It is definitely NOT a dual CPU board. It only has support for two different types of 386 CPU packaging. This is quite advantageous (if your BIOS supports it), since it will allow you to upgrade the system with 486DLC class CPUs or even (I don't know why, but well..) something like Intel RapidCAD.

I'm not too familiar with the Intel RapidCAd. I did some looking around and I understand where it has its gains, but in comparison doesn't seem worth picking up. Am I right on my assumption? We would like the pc to display game capabilities along with more advance programs like CAD, just for computer science education purposes ^___^. A number of these boards are to be made functional again to be interactive with computer science students, we're trying to make a PC history room at the school.

feipoa wrote:

Your chipset should support 486DLC and 486SXL CPUs, however as Anonymous Coward noted, you will likely need to cut of your QFP AMD DX40 chip. I had to do this on my UMC-based 386 board.

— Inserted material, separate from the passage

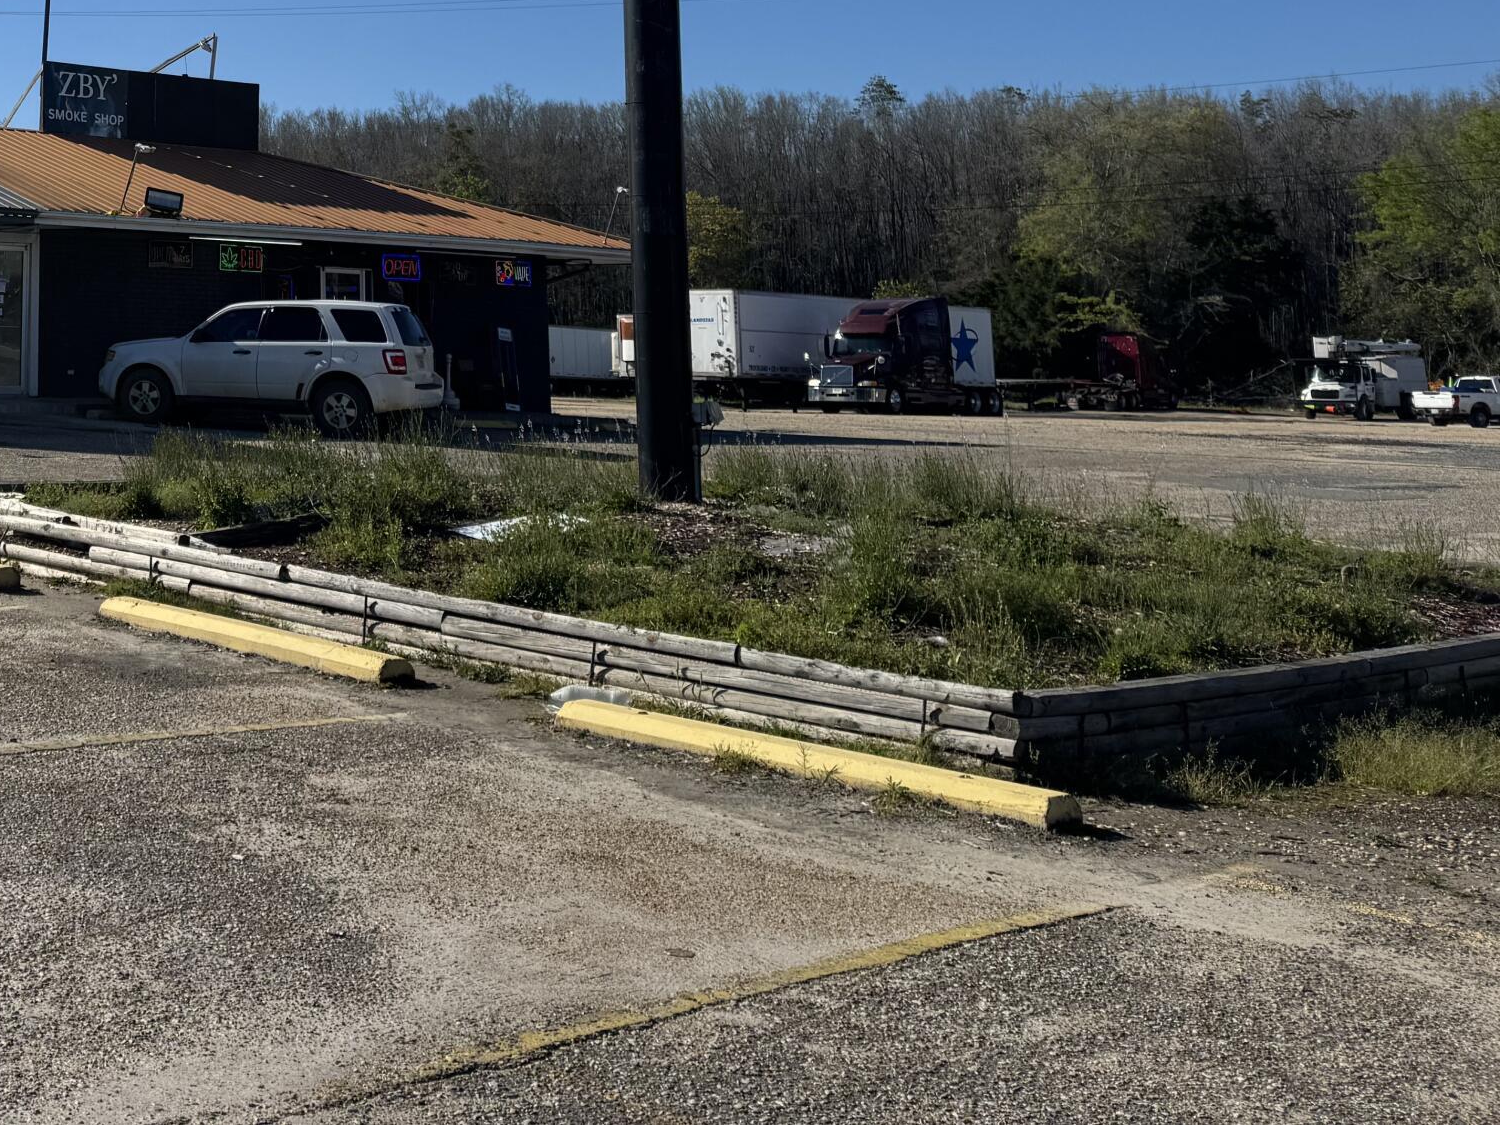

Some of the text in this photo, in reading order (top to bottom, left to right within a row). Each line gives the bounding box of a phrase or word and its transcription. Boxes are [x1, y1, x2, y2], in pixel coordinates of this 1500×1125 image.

[48, 108, 124, 126] SMOKE SHOP
[384, 259, 418, 276] OPEN
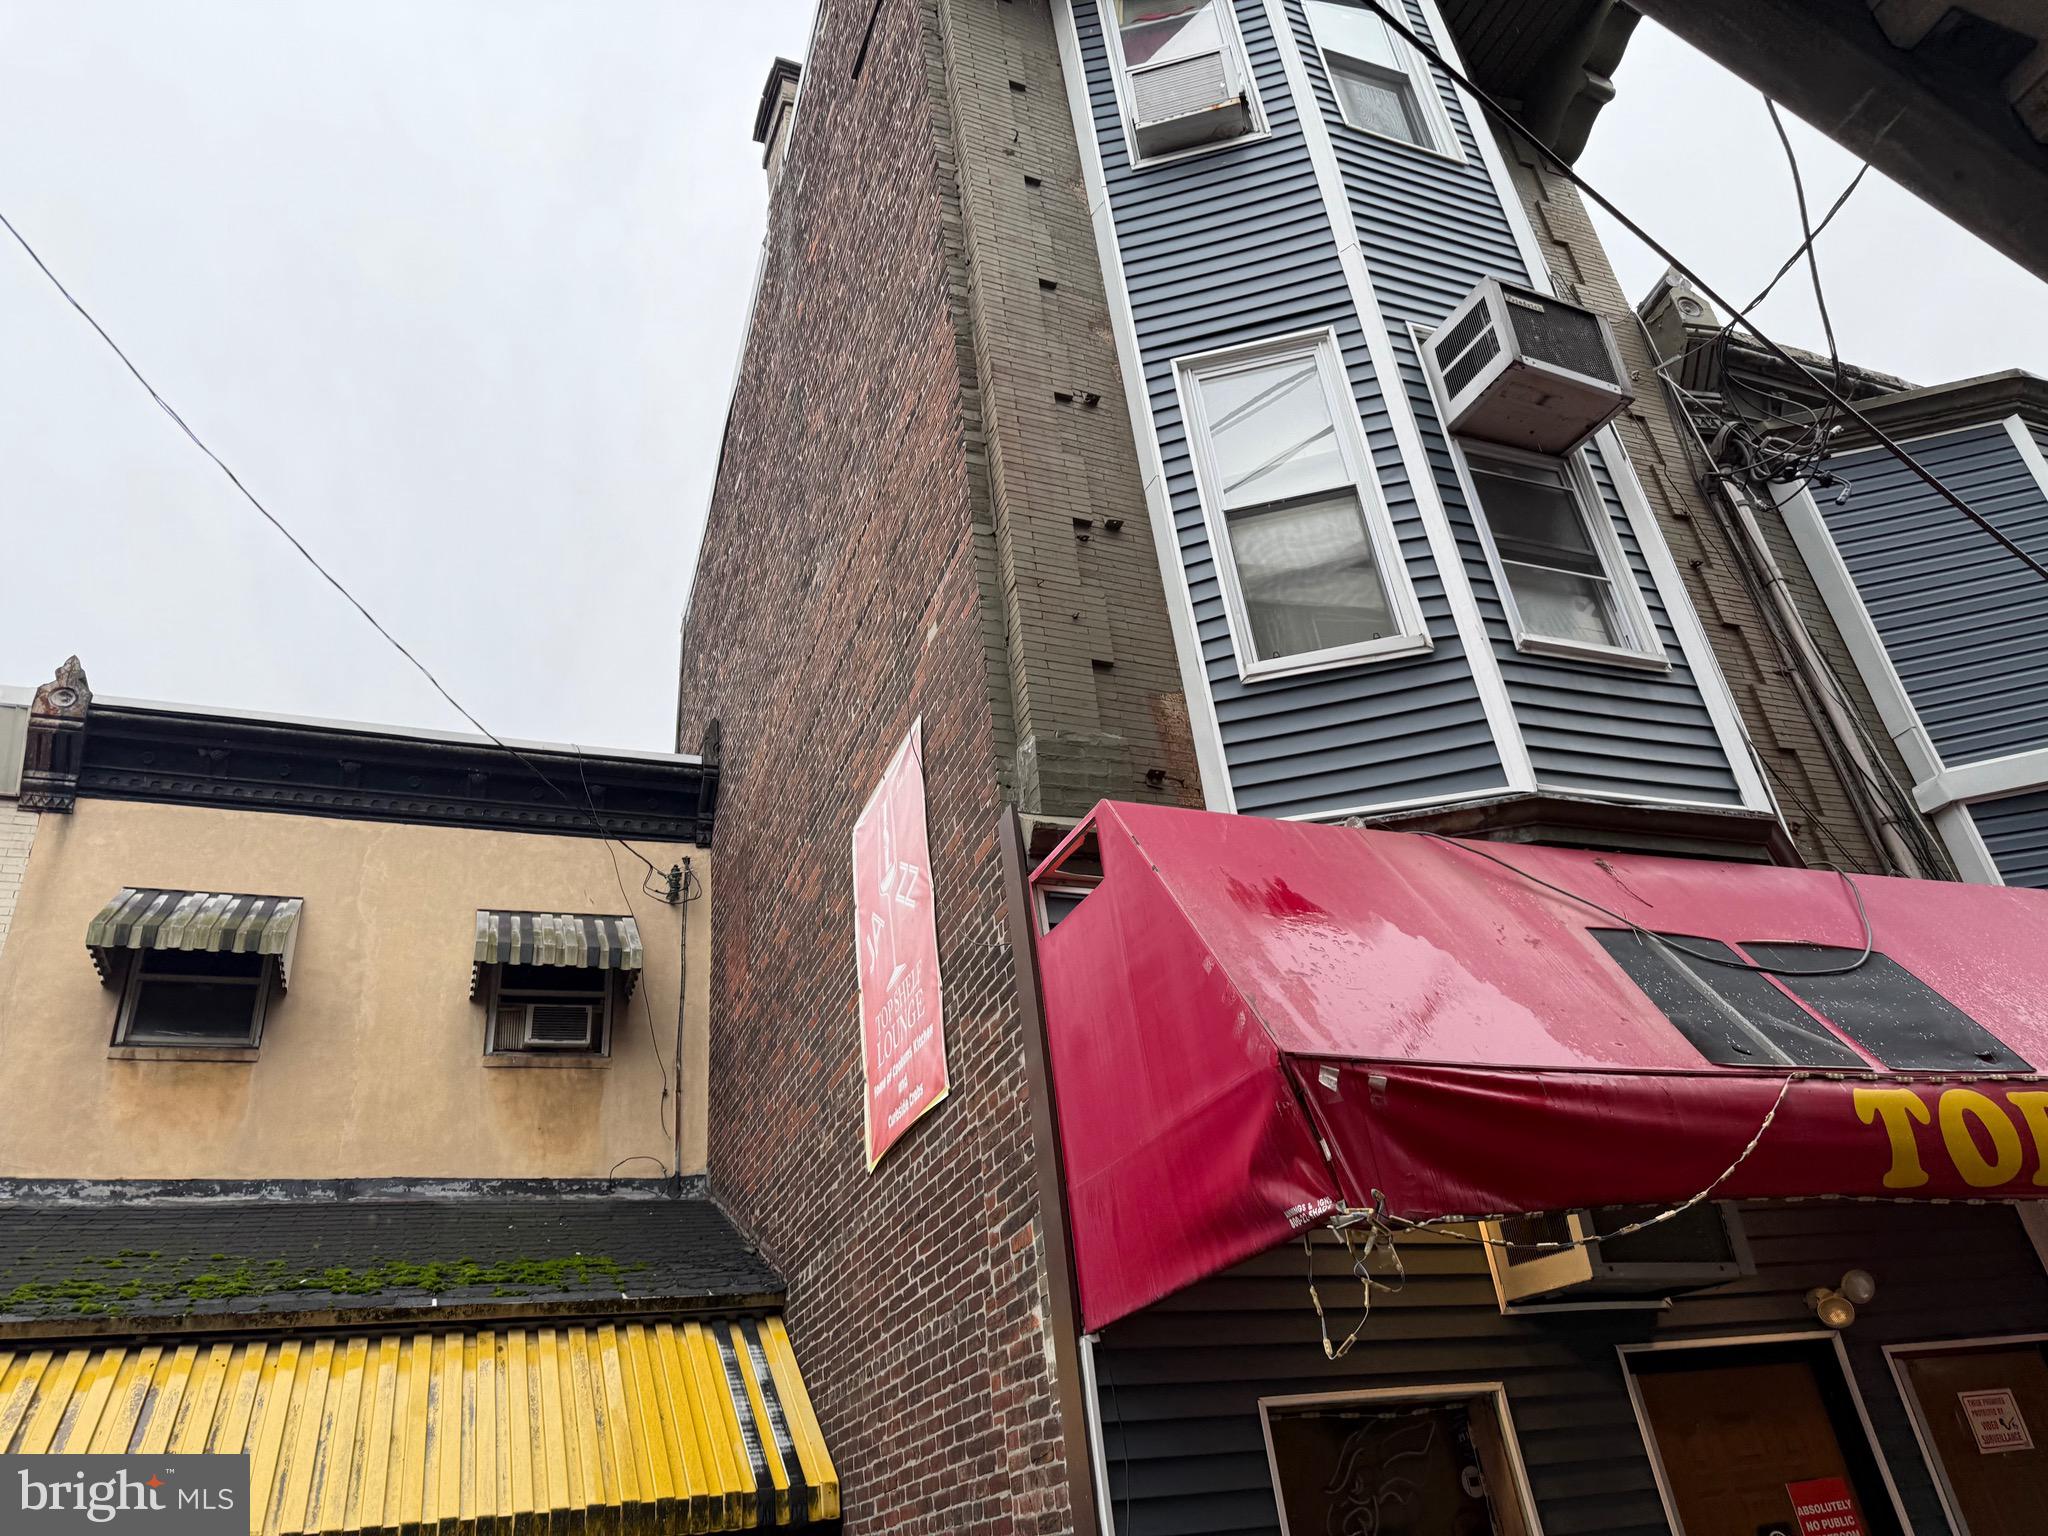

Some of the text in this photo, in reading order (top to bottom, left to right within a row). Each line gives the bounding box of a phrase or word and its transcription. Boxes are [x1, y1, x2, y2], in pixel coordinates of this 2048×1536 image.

Do you have a recommendation on either the DLC or SXL, while combining input with the return question I posted to "tayyare" above?

PCBONEZ wrote:
feipoa wrote:

If you are going to build your case out of wood, keep in mind

I will definitely be adding to, or creating a new post when I start work on the case for these boards. They will be cased individually, but maybe you and some others could help clarify that my grounding procedures are correct. Thanks for the input.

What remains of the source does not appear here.